Brief: For every record that follows, transcribe the text exactly and leave any image out.

Information:
————————

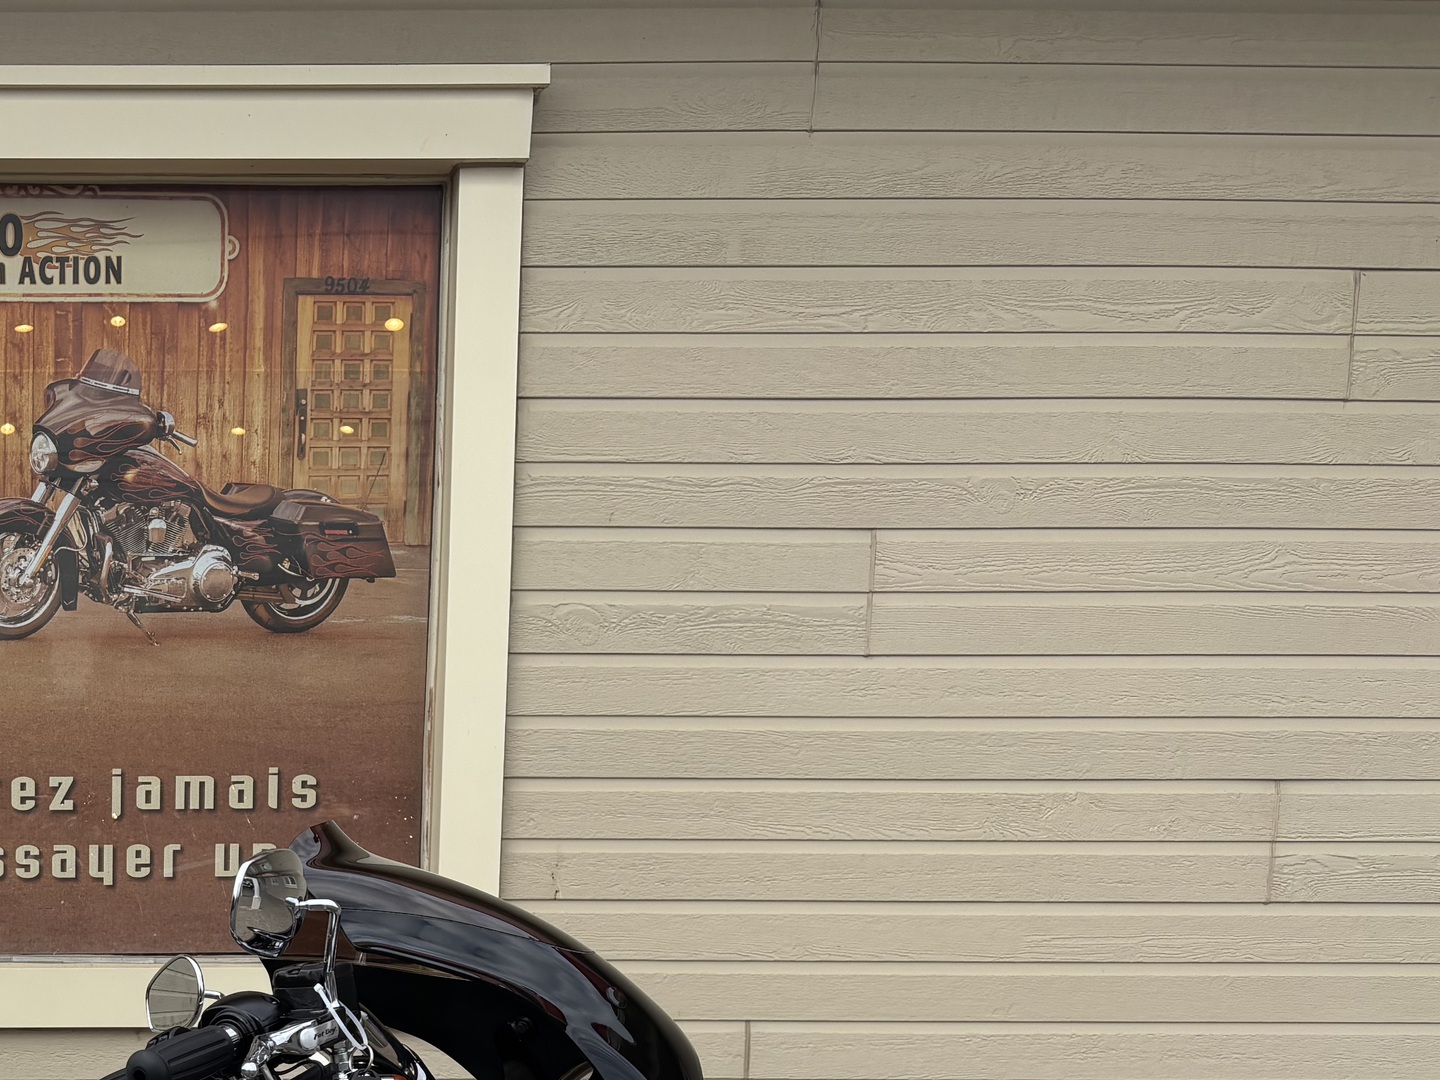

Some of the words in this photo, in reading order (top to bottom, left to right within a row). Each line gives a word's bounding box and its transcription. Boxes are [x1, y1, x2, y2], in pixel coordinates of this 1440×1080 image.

[18, 255, 123, 286] ACTION
[324, 276, 371, 293] 9504
[111, 766, 318, 820] jamais
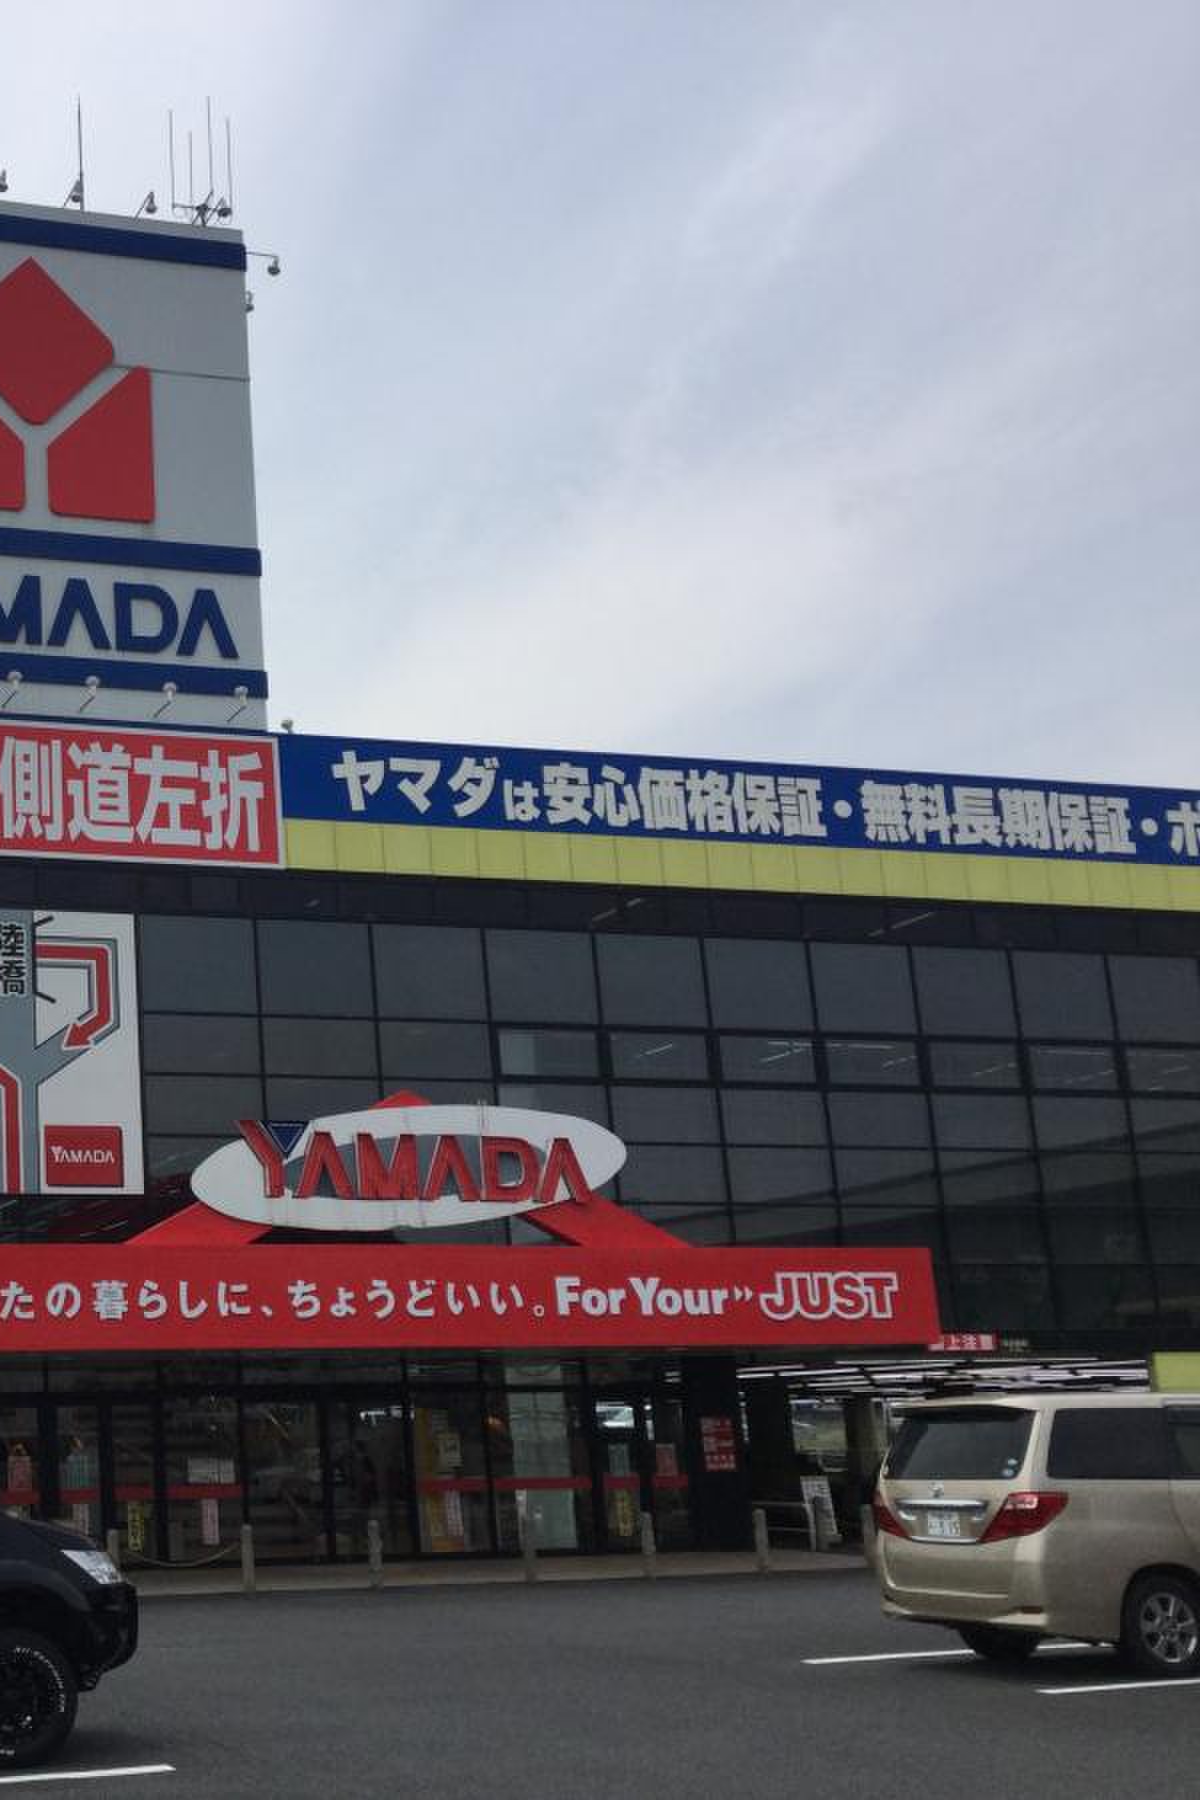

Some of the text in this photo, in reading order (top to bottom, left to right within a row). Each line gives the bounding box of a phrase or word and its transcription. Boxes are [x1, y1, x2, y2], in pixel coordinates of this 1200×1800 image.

[0, 736, 266, 852] 側道左折
[50, 1145, 115, 1164] YAMADA
[234, 1119, 595, 1203] YAMADA
[554, 1275, 625, 1317] For
[759, 1271, 899, 1321] JUST

————————

Your response:
Some of the words in this photo, in reading order (top to bottom, left to right within a row). Each line gives a word's bounding box and its transcription. Boxes are [x1, y1, x2, y2], in pixel coordinates of this 1440×1080 image.

[18, 255, 123, 286] ACTION
[324, 276, 371, 293] 9504
[111, 766, 318, 820] jamais

Some of the text in this photo, in reading order (top to bottom, left to right within a row). Each line gives the bounding box of a phrase or word and its transcription. Boxes are [x1, y1, x2, y2], in pixel coordinates of this 1200×1800 image.

[0, 736, 266, 852] 側道左折
[50, 1145, 115, 1164] YAMADA
[234, 1119, 595, 1203] YAMADA
[554, 1275, 625, 1317] For
[759, 1271, 899, 1321] JUST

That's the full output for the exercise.